[Data records]
┏━━

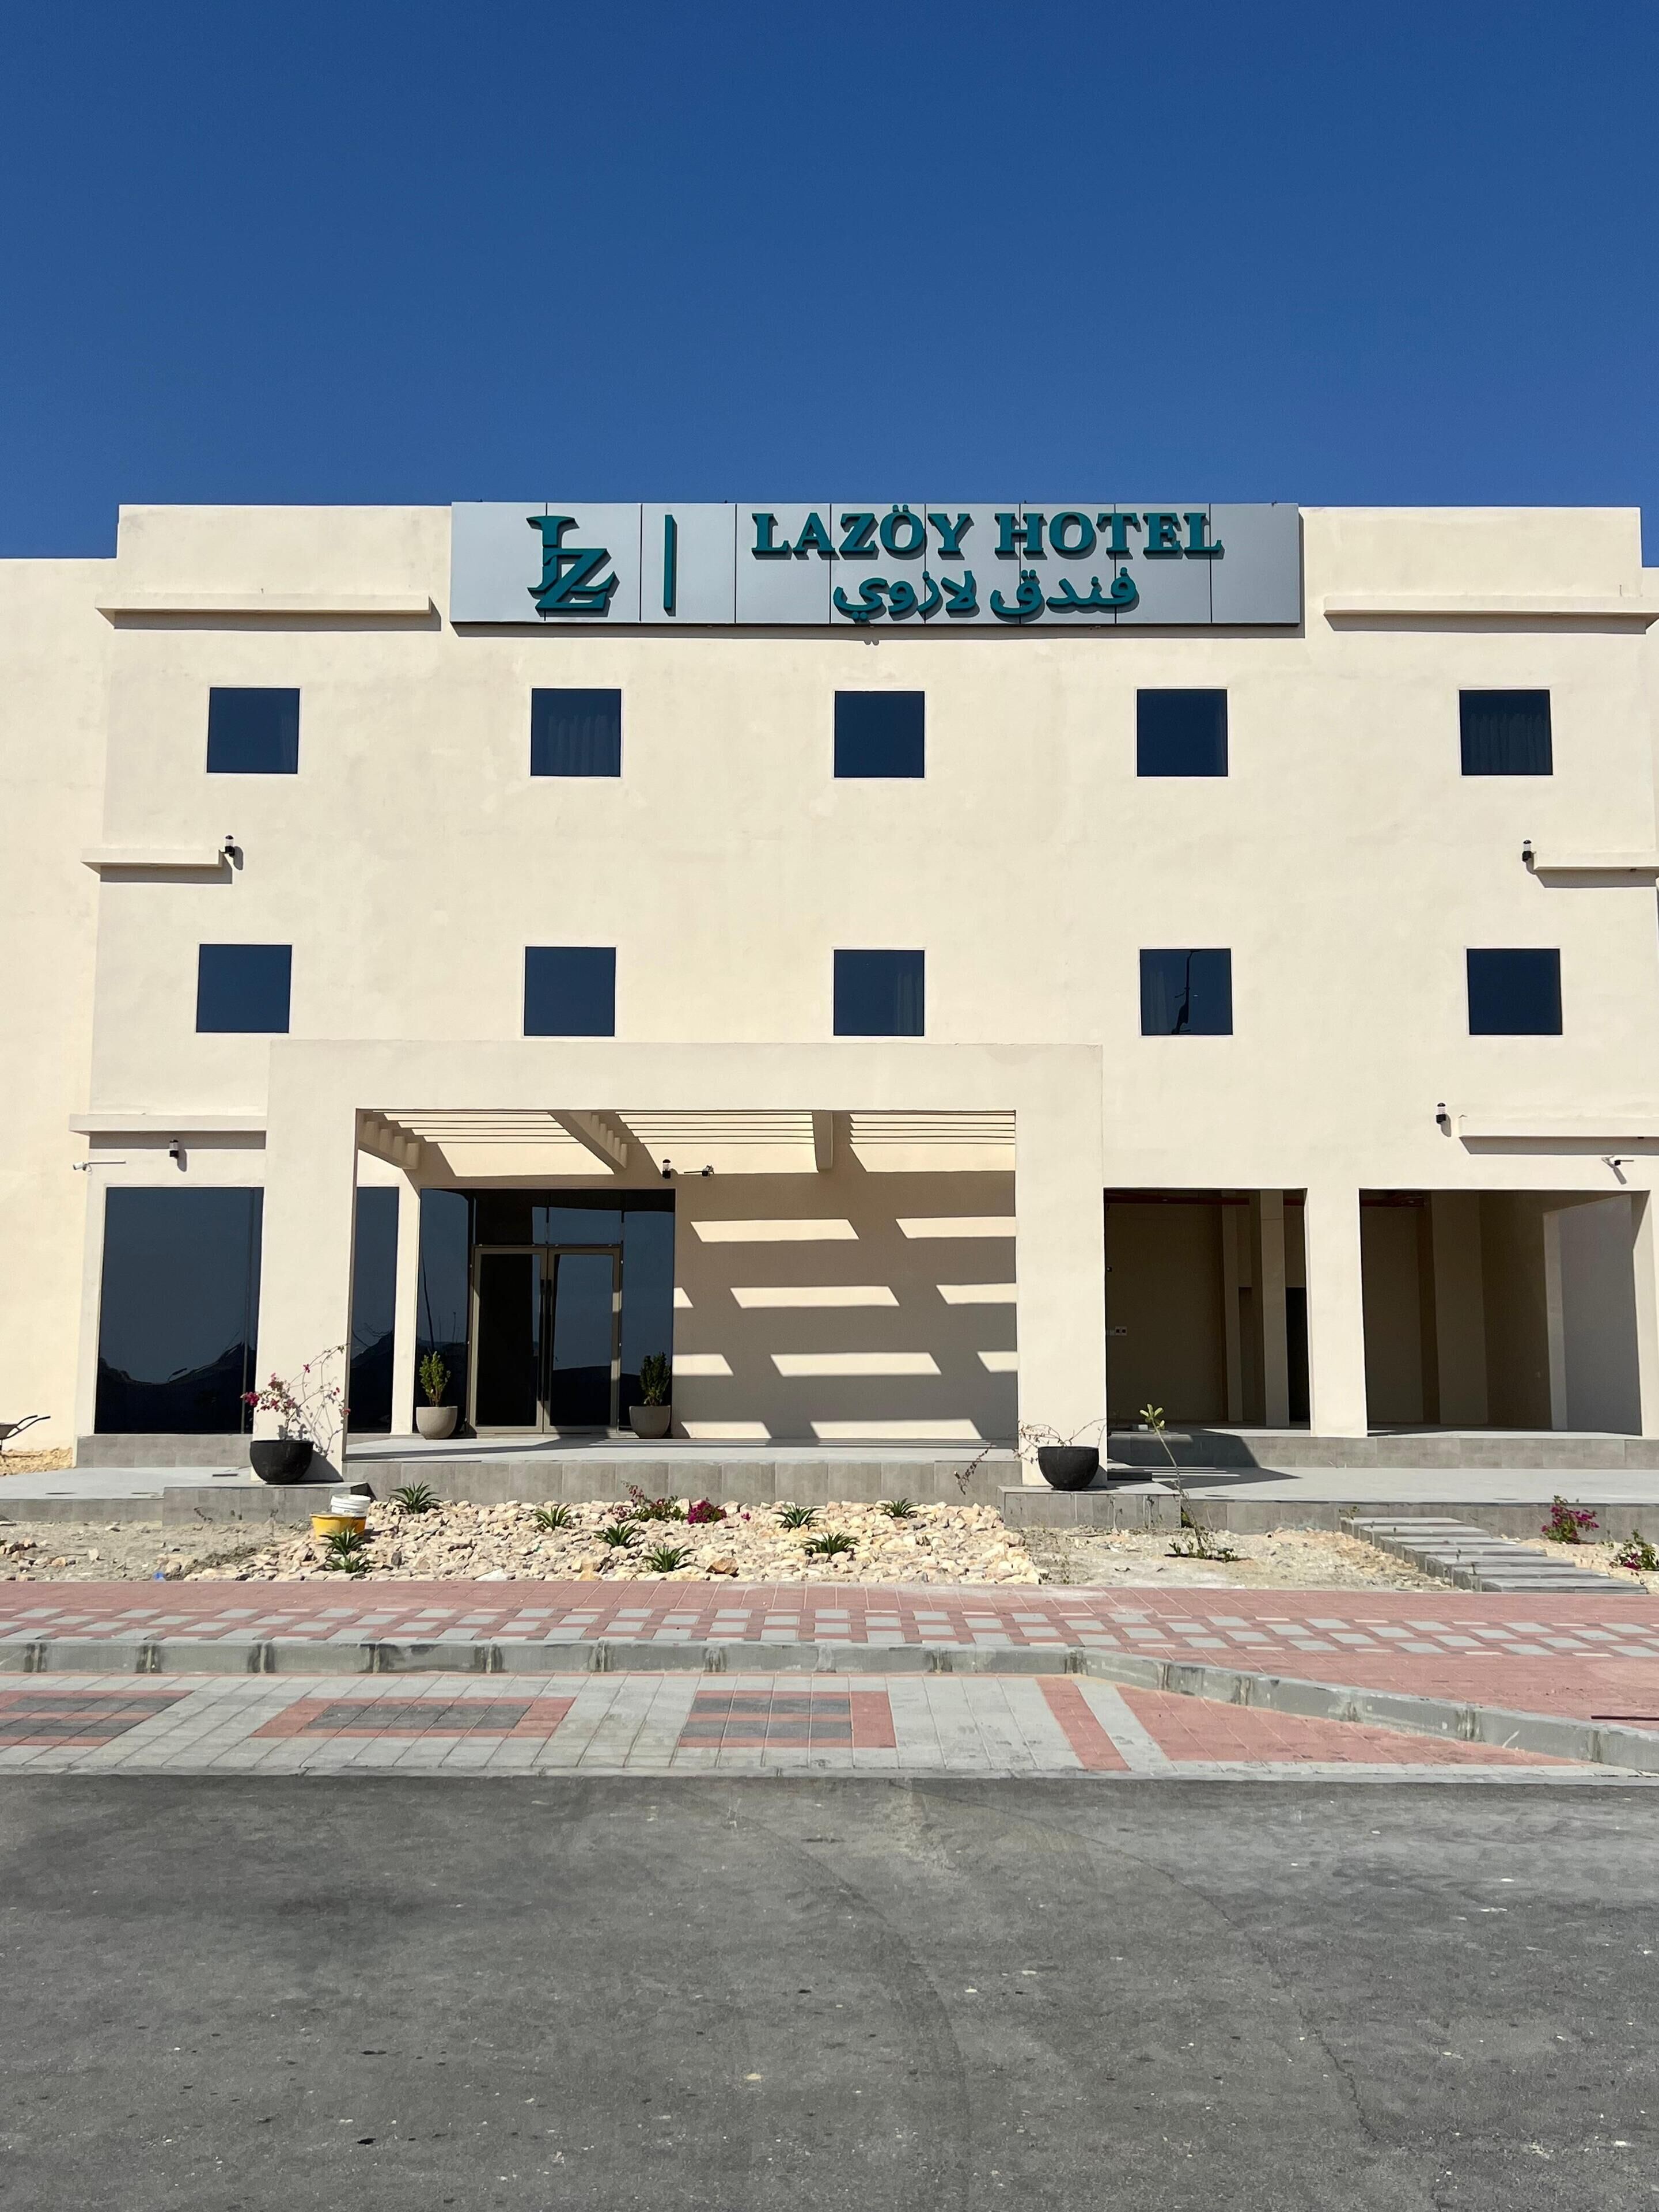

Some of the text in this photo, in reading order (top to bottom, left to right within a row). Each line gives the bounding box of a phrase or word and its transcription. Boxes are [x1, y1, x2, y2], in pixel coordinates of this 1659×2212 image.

[751, 504, 1222, 554] LAZÖY HOTEL
[833, 567, 1138, 621] فندق لازوي
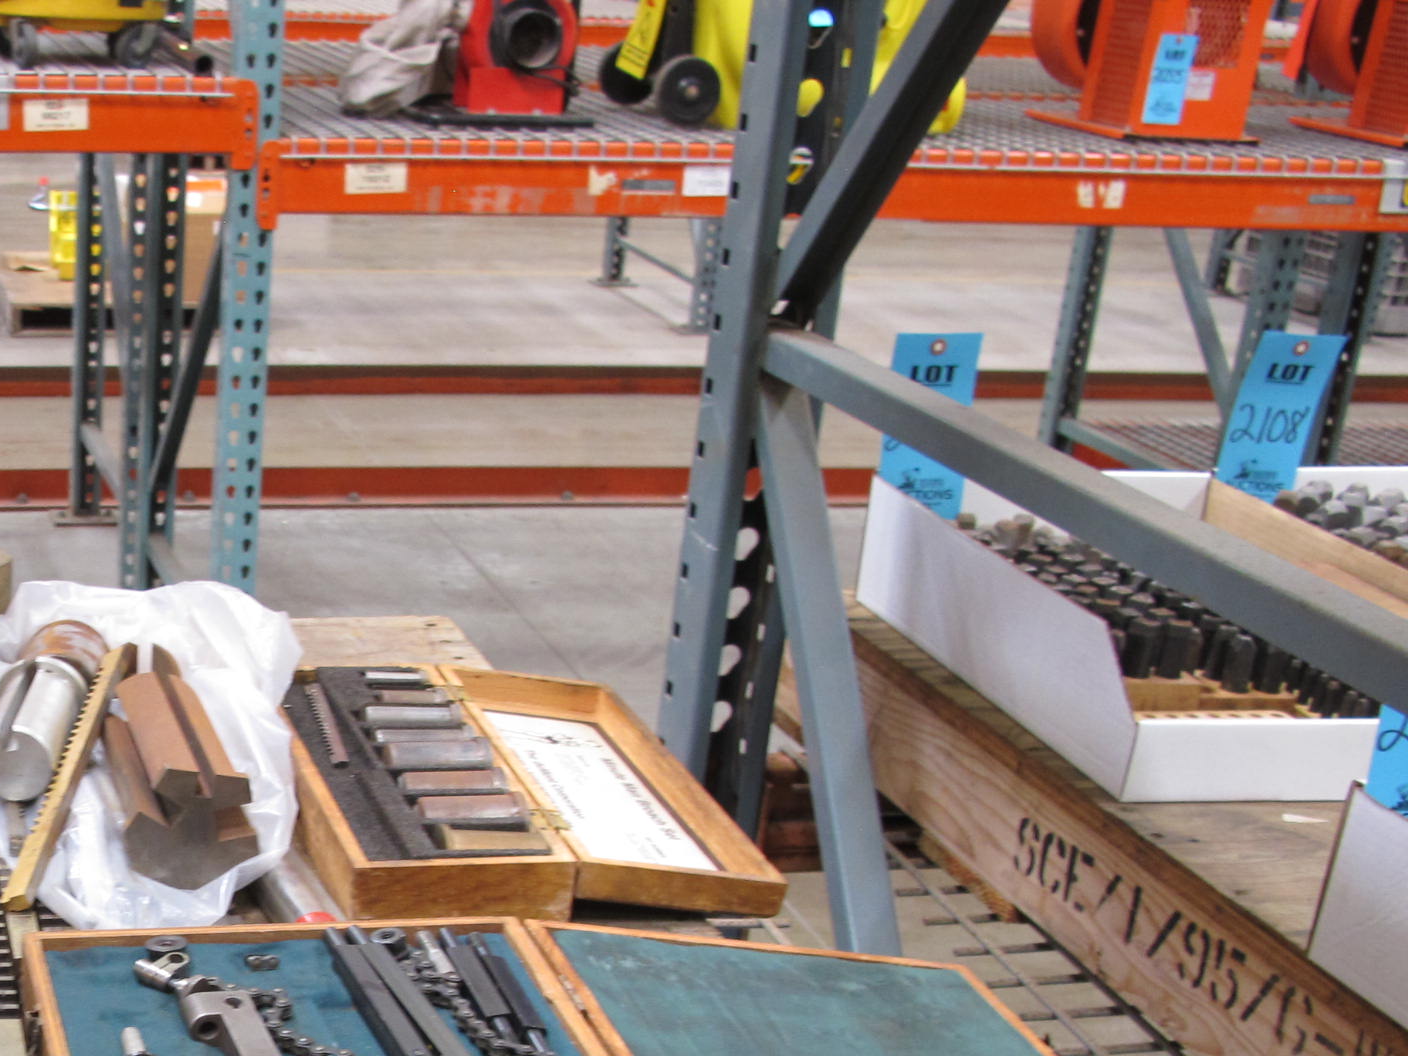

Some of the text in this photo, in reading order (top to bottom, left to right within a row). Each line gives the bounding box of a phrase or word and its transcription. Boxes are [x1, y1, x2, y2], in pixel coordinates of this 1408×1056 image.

[909, 364, 958, 384] LOT
[1267, 363, 1313, 382] LOT
[1228, 403, 1311, 444] 2108

┗━━

◆ **Aim of the exercise**
All lines from the one containing "this 1408×1056 image." through the end of the records, both ends included, are to be quoted exactly; please add nothing else.

◆ **Task answer**
Some of the text in this photo, in reading order (top to bottom, left to right within a row). Each line gives the bounding box of a phrase or word and its transcription. Boxes are [x1, y1, x2, y2], in pixel coordinates of this 1408×1056 image.

[909, 364, 958, 384] LOT
[1267, 363, 1313, 382] LOT
[1228, 403, 1311, 444] 2108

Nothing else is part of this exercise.